NRA sticks to script in rebuttal to Obama's speech

Less than half an hour after President Obama finished his speech at the International Association of Chiefs of Police, the National Rifle Association published a fully produced five-minute video rebuttal.

The gun lobby’s executive vice president, Wayne LaPierre, stuck to a familiar script dismissing the call for any new gun laws and advising that the solution to gun violence is enforcement of current federal laws.

“If the president held a press conference tomorrow morning and directed every federal jurisdiction to round up every felon with a gun, drug dealer with a gun and criminal gangbanger with a gun, law enforcement would have thousands of violent thugs in handcuffs and squad cars by sundown,” LaPierre said.

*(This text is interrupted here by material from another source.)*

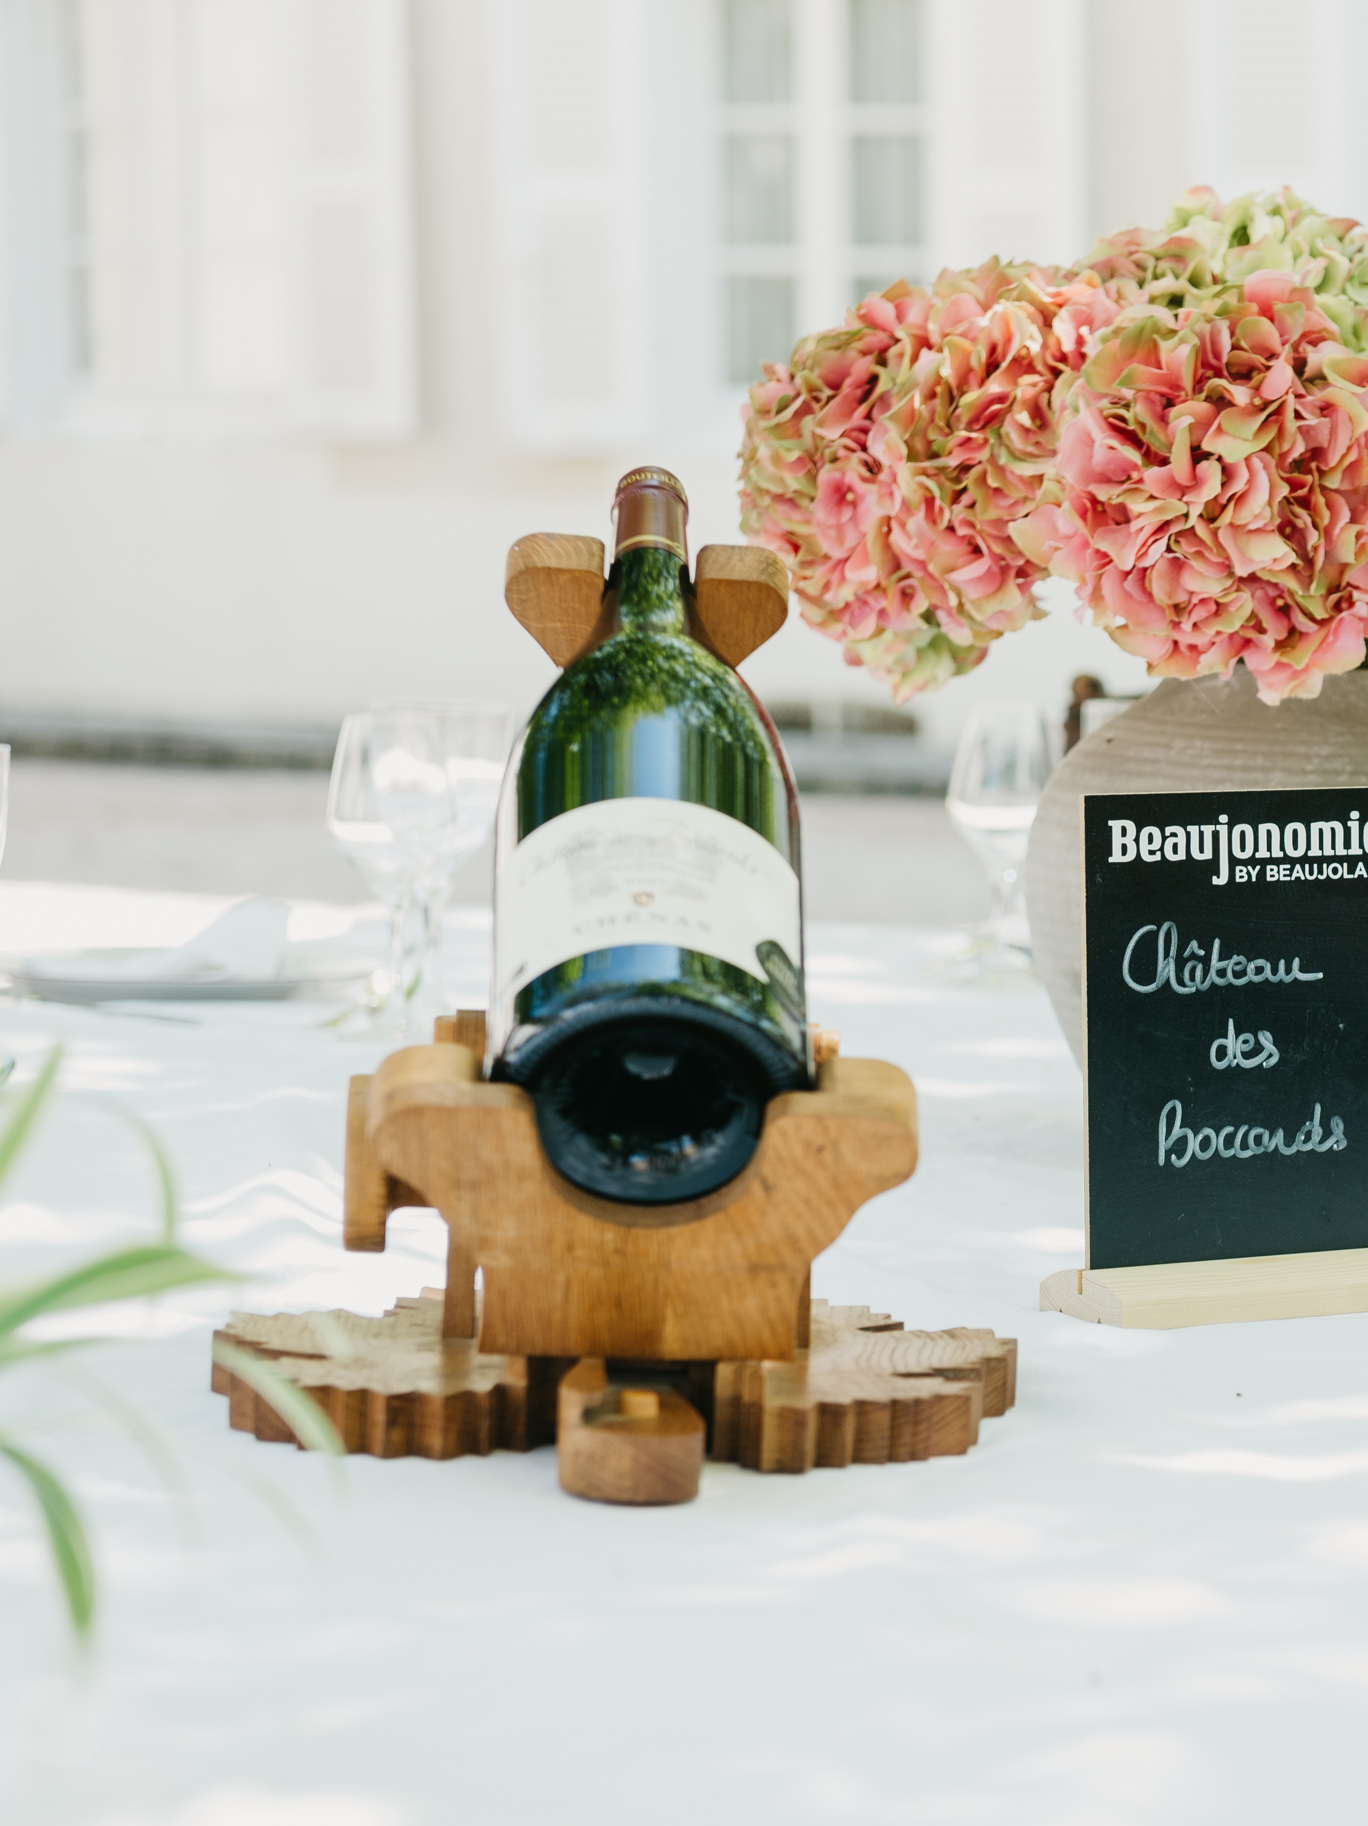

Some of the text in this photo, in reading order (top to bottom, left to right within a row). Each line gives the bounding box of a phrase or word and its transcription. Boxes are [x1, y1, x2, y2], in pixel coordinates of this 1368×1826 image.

[1235, 866, 1260, 883] BY
[1122, 921, 1324, 995] Château
[1209, 1017, 1281, 1070] des
[1157, 1098, 1348, 1168] Boccards

He’s also quick to mention the dichotomy between Chicago’s gun violence and gun laws, and to slam Hillary Clinton’s administration if she makes it into the White House.

The president listed national gun law reforms in his plan to improve relations between police and the communities they serve at the IACP’s annual convention Tuesday in Chicago.

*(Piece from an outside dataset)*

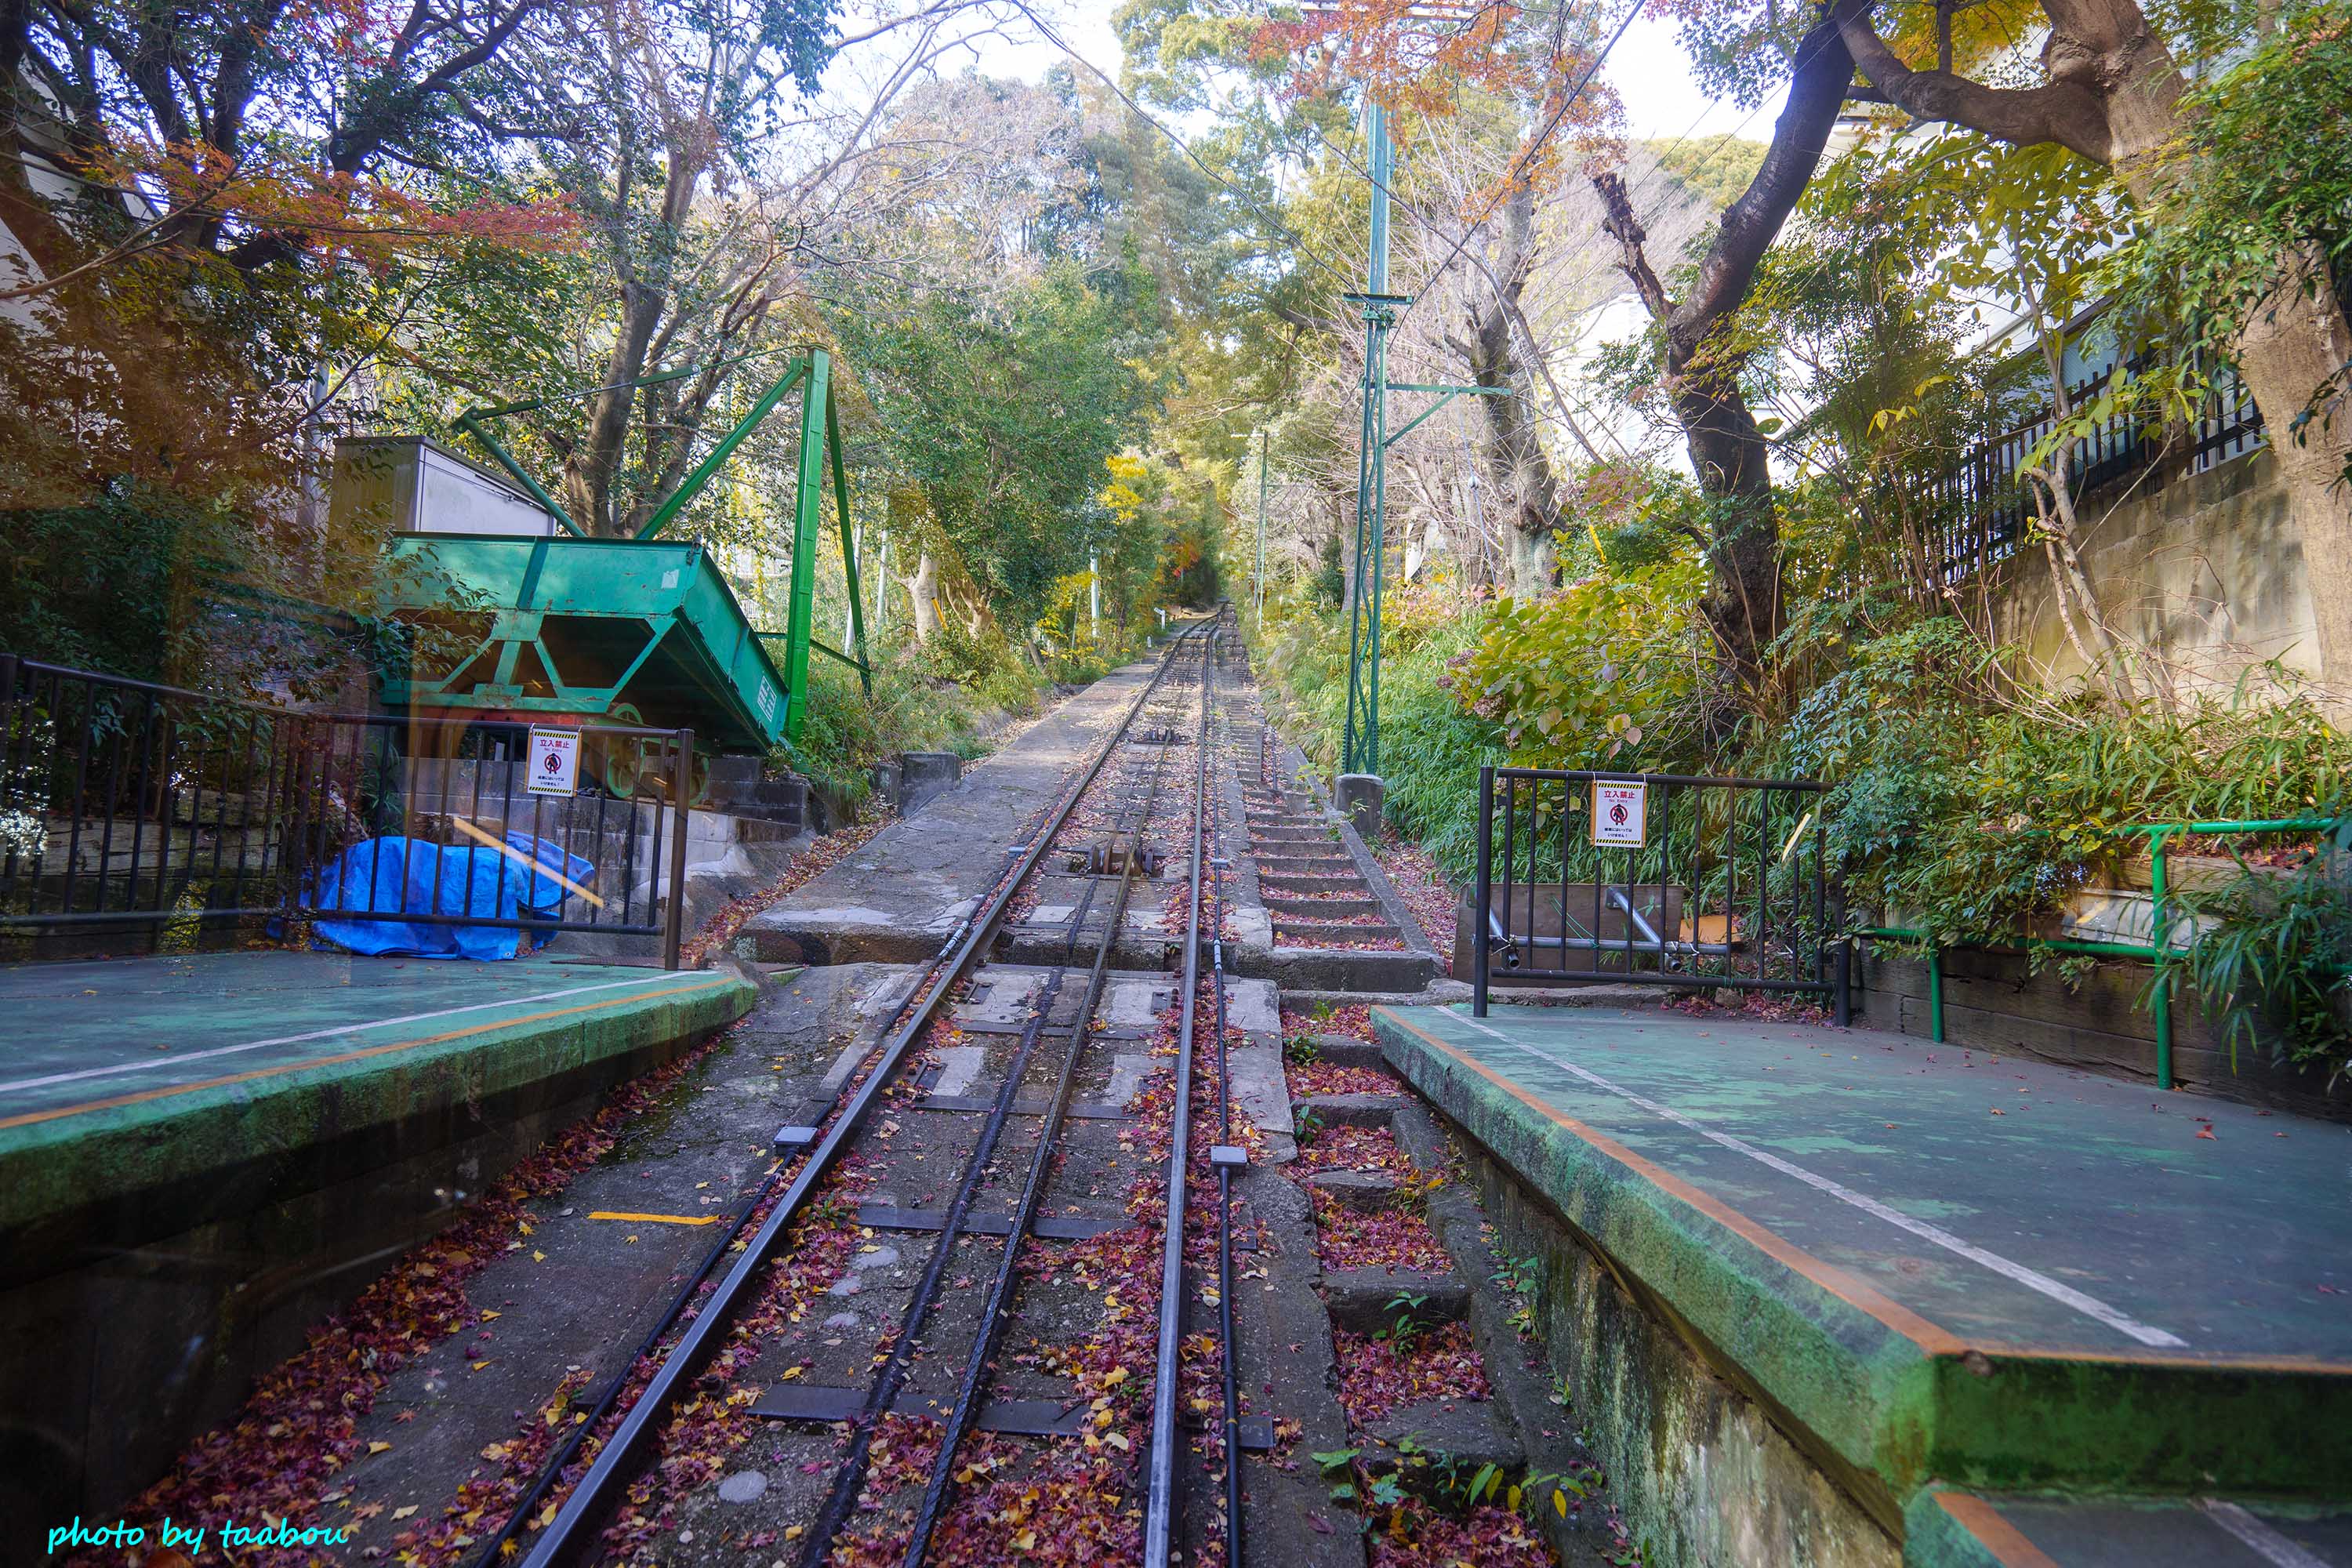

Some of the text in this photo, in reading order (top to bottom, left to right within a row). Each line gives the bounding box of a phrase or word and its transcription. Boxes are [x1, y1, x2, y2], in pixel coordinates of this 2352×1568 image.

[539, 739, 570, 749] 立入禁止
[1604, 790, 1635, 799] 立入禁止

In the latter half of the hour-long speech, Obama called for reform of federal gun laws, suggesting a possible assault weapons ban and expanding national background checks so buyers could only obtain a gun in their home state. He vowed to continue calling attention to the issue until Congress acts.

His words echoed that of other speakers at the event like Chicago Police Supt. Garry McCarthy who on Monday brought attention to lawmakers inactivity on advancing legislation to expand background checks.

Both Obama and McCarthy pointed out many illegal guns — roughly 60 percent — found in Chicago are traced back to areas in neighboring Indiana. Additionally, McCarthy also called for stiffer punishments for gun crimes along with tougher gun laws.